Desde muchas décadas se sabe de historias sobre ovnis (objetos voladores no identificados), UFOS (por sus siglas en inglés) y, ahora, UAP, acrónimo en inglés de “unidentified aerial phenomenon (fenómeno aéreo no identificado)”. Muchos años atrás, los platos voladores. El 27 de julio último, algunas semanas antes del reciente reporte, el director de la NASA, Clarence William “Bill” Nelson, estuvo en la Argentina. Sonriente como desde muchas décadas se supone a un astronauta norteamericano, luego de dialogar con el presidente Alberto Fernández, anunció que “ante todas las sospechas sobre la vida extraterrestre”, un “comité integrado por científicos muy distinguidos” estudia el tema. También expresó que quienes quisiéramos saber más tendríamos que aguardar lo que finalmente se dijo porque, como lo puntualiza el reporte científico, “la naturaleza de la ciencia es explorar lo desconocido” para “descubrir los secretos de nuestro universo”. Pero, en esa línea de razonamiento, los “científicos distinguidos” a los que aludió Nelson advierten que, “a pesar de numerosos relatos y evidencias visuales, la ausencia de observaciones consistentes, detalladas y curadas significa que actualmente no contamos con el conjunto de datos necesario para llegar a conclusiones científicas definitivas sobre UAP”. Nada nuevo. Lo de siempre. Misterio y la sospecha de que algo ocultan.

Sin embargo, aquel ovni del 17 de setiembre del 85, en el siglo pasado, volvió a nuestras vidas. Veintiocho años más tarde de aquella aventura periodística urbana, para el programa “Contacto extraterrestre” de History Channel 2 nos buscaron y entrevistaron al igual que a un par de testigos más. Nuestros relatos se alinearon con los recuerdos. Nada que agregar. Por su parte, Roberto Ruiz, fotógrafo –a quien no conocíamos– recordó que aquel día era pasajero en un avión de Aerolíneas Argentinas. “Vino una azafata.

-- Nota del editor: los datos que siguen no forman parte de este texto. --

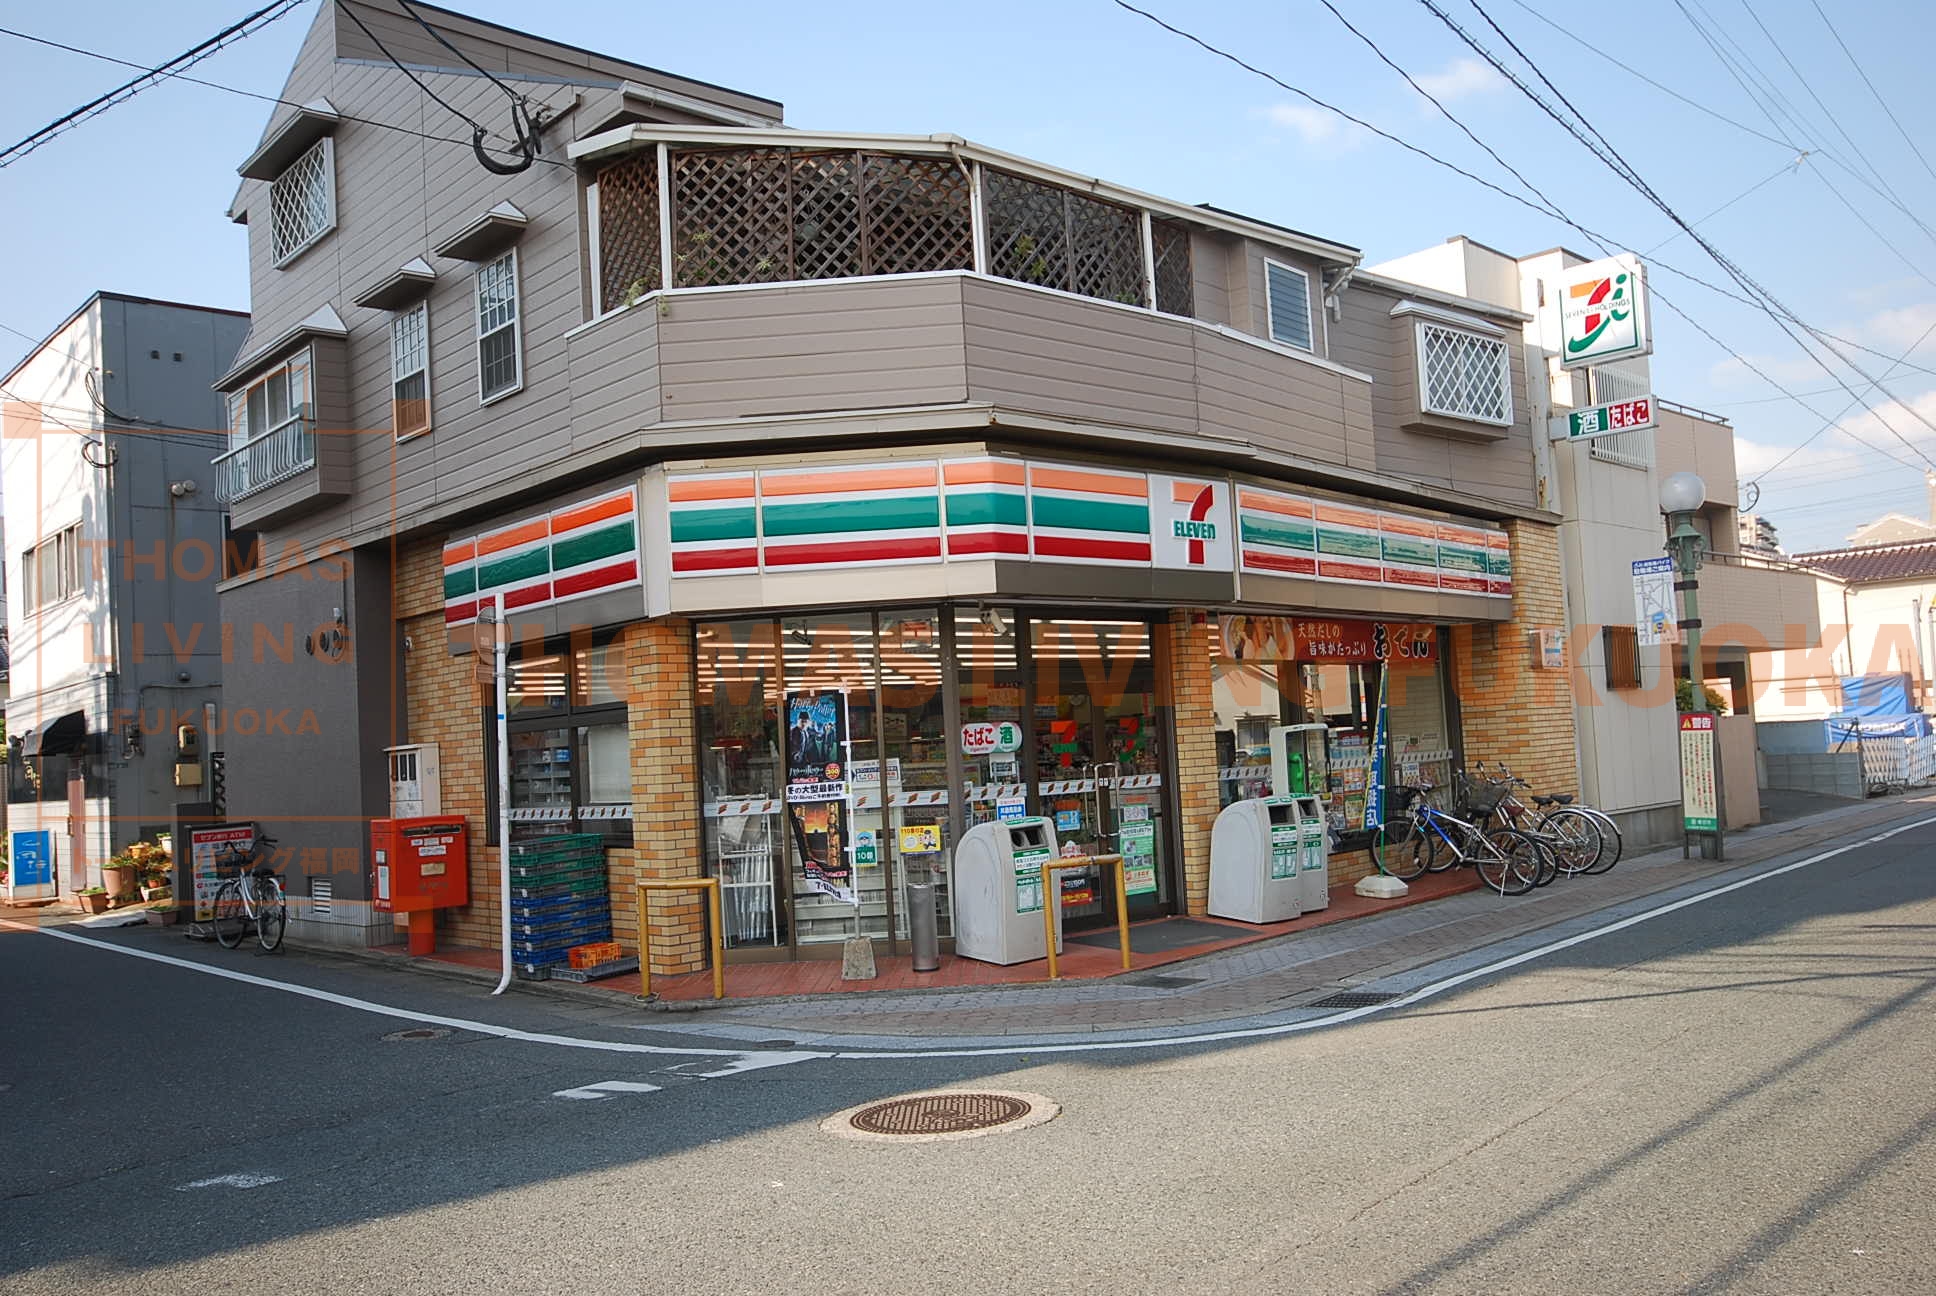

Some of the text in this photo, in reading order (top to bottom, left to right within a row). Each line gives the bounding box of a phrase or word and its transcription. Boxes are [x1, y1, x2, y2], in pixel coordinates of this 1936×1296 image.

[1577, 401, 1648, 435] 酒 たばこ
[1298, 622, 1341, 639] 天然だしの
[1309, 639, 1367, 656] 旨味がたっぷり
[963, 726, 1014, 746] たばこ 酒

Preguntó si entre nosotros había un fotógrafo porque el piloto está viendo dos ovnis. Fui hasta la cabina y allí estaban los dos objetos. Uno era más chico que el otro. Parecían metálicos. Brillaban. Iban a la par y parecía que cambiaban la textura. Fui testigo de algo único”.

El comandante Miranda, a quien no vimos más desde aquella jornada memorable, nos saludó afectuosamente. Nos abrazamos como viejos amigos. “Vimos (en el cielo) un cilindro con una antena y una especie de ventana o algo así. No puedo determinar qué era. No emitía ninguna luz, ningún brillo, absolutamente nada, y, aparentemente –por alguna razón que desconozco y no obedece a nada que sea aerodinámico–, se empezó a separar de nosotros. La circulación natural de la atmósfera es de oeste a este. Pero aquel objeto se desplazaba al revés. Estoy absolutamente seguro de que no era un globo”. El veterano aeronauta calló. Su mirada no estaba con nosotros sino con sus recuerdos que, en parte, también compartíamos con él. Los años pasan y este misterio continúa y se agiganta. Estoy claro que el fenómeno ovni, UFO, UAP o, simplemente, el de los “platos voladores” atrae. Tengo la convicción de que algo hay. No es razonable pensar que estamos solos en el universo. Miro el cielo una y otra vez desde que era niño y, como entonces, busco respuestas que siempre se demoran.